Today I had very nice day together with my good colleague Rune, which is taking care of a big Lync 2013 environment at one of our customers.
We were making some changes of the frontend servers, which require that we should run the Enable-CScomputer.
However, that failed on two of the three frontend servers with this error:
Alter failed for Server ‘LYNCSERVERlynclocal’
Very strange, this has not been a problem before. So digging down in the error report show this error:
So the problem is “The affinity mask specified does not match the CPU mask on this system”.
Because this happen when lync is doing something in the SQL database, we looked at the SQL Server, and how many CPU that was assigned to SQL.
This is done with Query Analyzer in the SQL Management Studio with these commands:
sp_configure
‘show advanced options’, 1;
RECONFIGURE;
GO
And then again
sp_configure
The output showen was this:
However, this server has only 2 cpu’s assigned.
So the problem is that the SQL Server is configured to have 4 cpu’s, but failes because it only have two.
So to fix the problem we ran these commands (again in the Query Analyzer)
sp_configure ‘affinity mask’, 2;
RECONFIGURE;
GO
After that we restarted the SQL Server for that instance and bingo enable-cscomputer worked again.
The reason for this error is caused by, that when the server was original created, it was created to have 4 cpu’s. This was later on changed to only 2, but SQL don’t automatically change the affinity.
Great post Joachim, but be aware that an affinityMask setting of 0x2 on a given thread means that only processor number 2 is a valid choice.

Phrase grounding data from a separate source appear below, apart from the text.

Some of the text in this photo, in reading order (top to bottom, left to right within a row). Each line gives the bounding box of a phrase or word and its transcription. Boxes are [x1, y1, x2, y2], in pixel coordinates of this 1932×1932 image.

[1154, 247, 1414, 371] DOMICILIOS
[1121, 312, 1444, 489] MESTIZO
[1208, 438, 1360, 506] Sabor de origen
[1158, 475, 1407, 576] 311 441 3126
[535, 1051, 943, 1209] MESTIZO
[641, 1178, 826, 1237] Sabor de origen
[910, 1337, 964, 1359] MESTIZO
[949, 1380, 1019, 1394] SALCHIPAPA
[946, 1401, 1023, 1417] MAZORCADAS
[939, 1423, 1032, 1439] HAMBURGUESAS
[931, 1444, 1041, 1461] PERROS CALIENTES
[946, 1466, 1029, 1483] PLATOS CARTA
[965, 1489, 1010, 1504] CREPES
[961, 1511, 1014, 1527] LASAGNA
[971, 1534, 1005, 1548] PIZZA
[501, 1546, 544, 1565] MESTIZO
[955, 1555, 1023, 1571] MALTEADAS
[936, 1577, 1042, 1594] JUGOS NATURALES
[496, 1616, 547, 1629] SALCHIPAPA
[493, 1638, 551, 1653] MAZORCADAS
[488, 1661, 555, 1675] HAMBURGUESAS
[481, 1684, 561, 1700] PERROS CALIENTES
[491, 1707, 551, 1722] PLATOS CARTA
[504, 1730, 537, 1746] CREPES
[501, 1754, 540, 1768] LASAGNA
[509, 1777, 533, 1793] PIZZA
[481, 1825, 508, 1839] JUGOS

If you have 2 CPU’s and want to utilize both, set the affinityMask to 0x3, as described here: http://msdn.microsoft.com/en-us/library/system.diagnostics.processthread.processoraffinity.aspx
Hi Mathias
Thanks for the correction – it’s really appreciated.
Br. Joachim
It’s the SQL Express version that’s installed with Lync which is restricted to a single CPU license. You cannot set the affinity mask to use two or more CPU’s (only in the regular SQL Server version).
“1 Physical” CPU that is
That makes sense, the last line should have read: “If you have 2 processor cores and want to utilize both”, not physical CPUs
Great post, thanks. Fixed the issue straight up for me!